The task:
Please print the entries below exactly, from the line with "this 960×1280 image." through the line with "this 1250×1875 image.", including both of those lines and leaving out all others.

Extracted material:

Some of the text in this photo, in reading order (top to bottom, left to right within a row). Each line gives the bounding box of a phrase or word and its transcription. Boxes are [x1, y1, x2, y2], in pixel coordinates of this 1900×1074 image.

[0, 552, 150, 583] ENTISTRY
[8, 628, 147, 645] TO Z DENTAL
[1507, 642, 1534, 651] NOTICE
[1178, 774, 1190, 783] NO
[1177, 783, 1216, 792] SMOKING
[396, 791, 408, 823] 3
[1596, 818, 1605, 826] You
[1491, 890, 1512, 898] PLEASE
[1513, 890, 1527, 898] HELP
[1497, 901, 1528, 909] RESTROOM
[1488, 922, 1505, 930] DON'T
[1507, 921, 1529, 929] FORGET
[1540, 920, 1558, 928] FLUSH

---

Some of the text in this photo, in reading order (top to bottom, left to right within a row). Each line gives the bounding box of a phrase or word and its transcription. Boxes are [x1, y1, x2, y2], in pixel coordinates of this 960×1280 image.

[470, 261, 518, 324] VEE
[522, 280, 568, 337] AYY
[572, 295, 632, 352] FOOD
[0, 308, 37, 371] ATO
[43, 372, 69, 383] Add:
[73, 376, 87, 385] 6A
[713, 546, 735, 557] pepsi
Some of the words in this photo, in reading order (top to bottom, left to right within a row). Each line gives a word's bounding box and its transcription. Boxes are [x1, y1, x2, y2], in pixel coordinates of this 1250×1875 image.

...

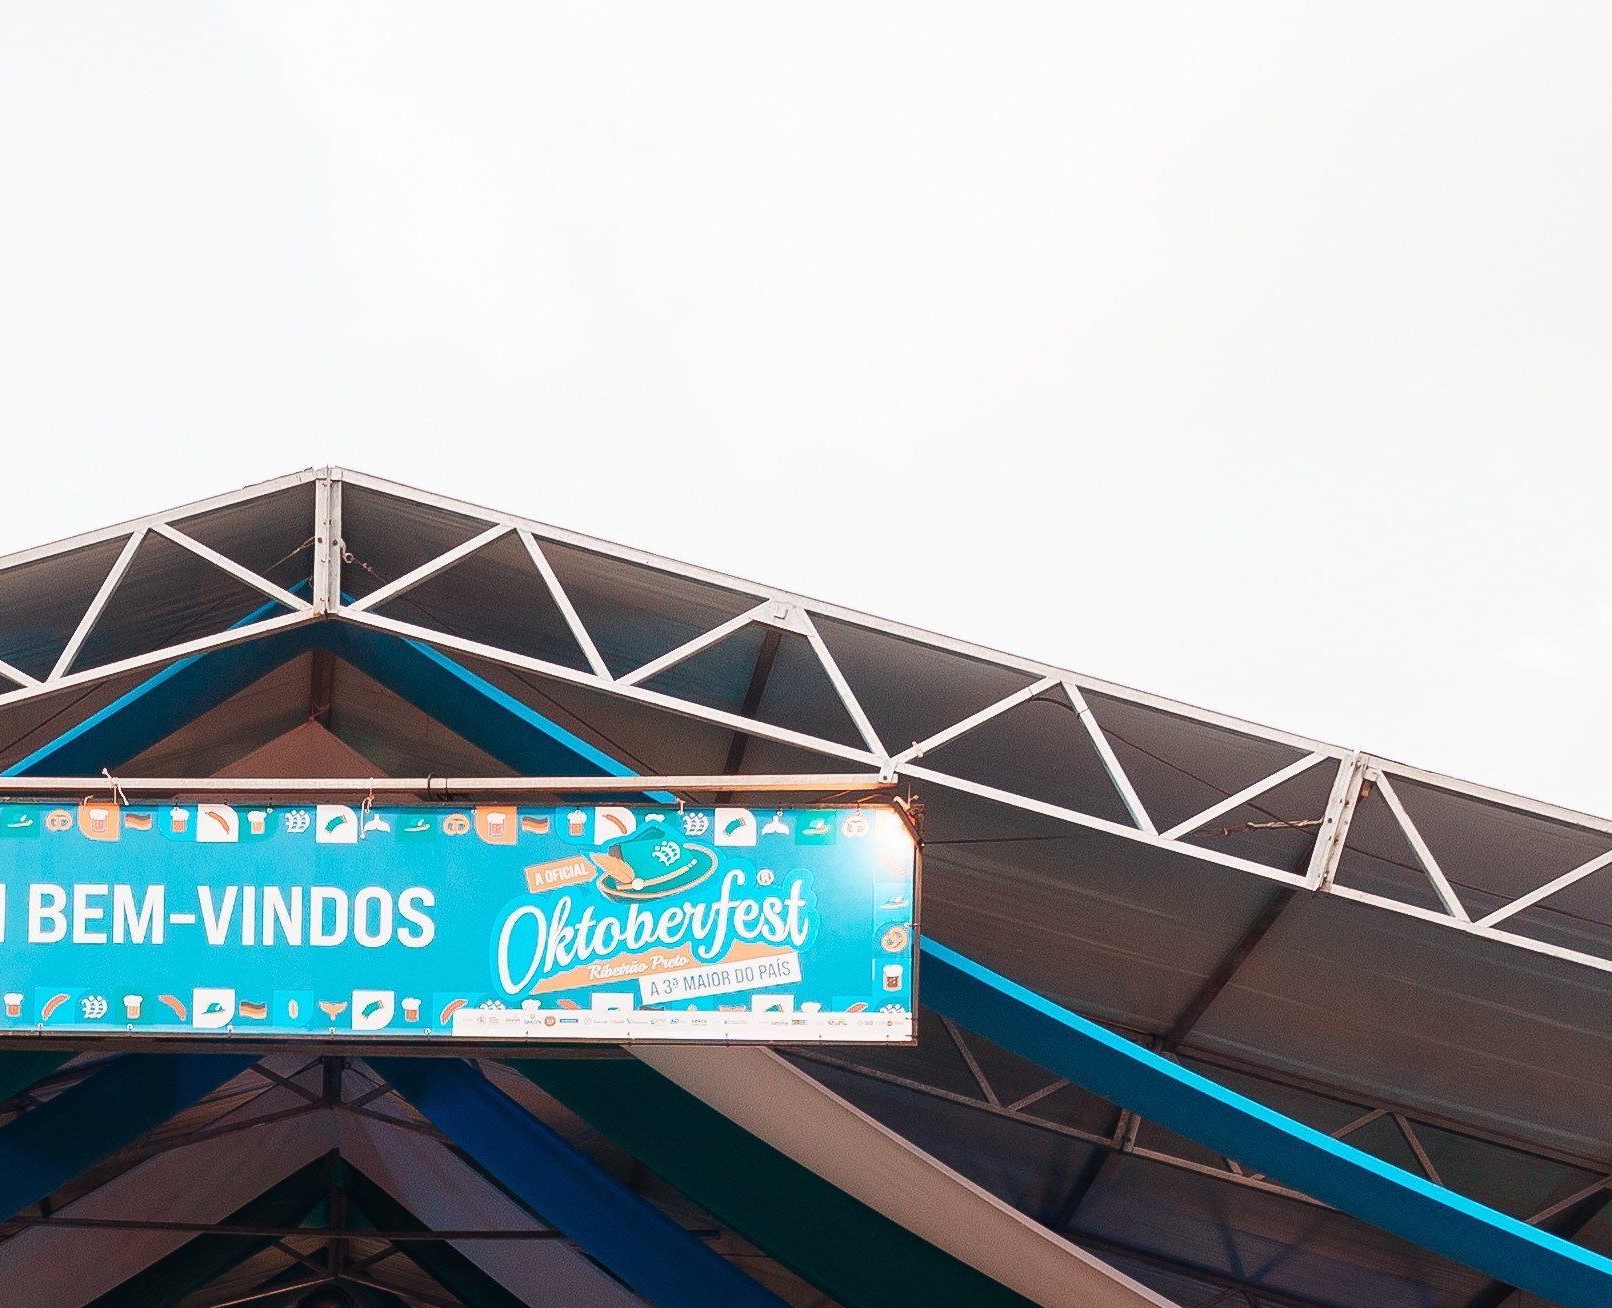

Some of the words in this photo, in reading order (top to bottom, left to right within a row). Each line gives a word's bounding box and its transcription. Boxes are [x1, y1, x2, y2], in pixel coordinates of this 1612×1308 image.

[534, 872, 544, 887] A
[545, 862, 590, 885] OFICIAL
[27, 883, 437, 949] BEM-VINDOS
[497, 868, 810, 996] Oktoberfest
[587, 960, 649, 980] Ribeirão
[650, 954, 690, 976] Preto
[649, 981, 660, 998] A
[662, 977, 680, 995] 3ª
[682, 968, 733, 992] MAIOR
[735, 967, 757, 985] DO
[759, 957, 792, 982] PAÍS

Exercise response:
Some of the text in this photo, in reading order (top to bottom, left to right within a row). Each line gives the bounding box of a phrase or word and its transcription. Boxes are [x1, y1, x2, y2], in pixel coordinates of this 960×1280 image.

[470, 261, 518, 324] VEE
[522, 280, 568, 337] AYY
[572, 295, 632, 352] FOOD
[0, 308, 37, 371] ATO
[43, 372, 69, 383] Add:
[73, 376, 87, 385] 6A
[713, 546, 735, 557] pepsi
Some of the words in this photo, in reading order (top to bottom, left to right within a row). Each line gives a word's bounding box and its transcription. Boxes are [x1, y1, x2, y2], in pixel coordinates of this 1250×1875 image.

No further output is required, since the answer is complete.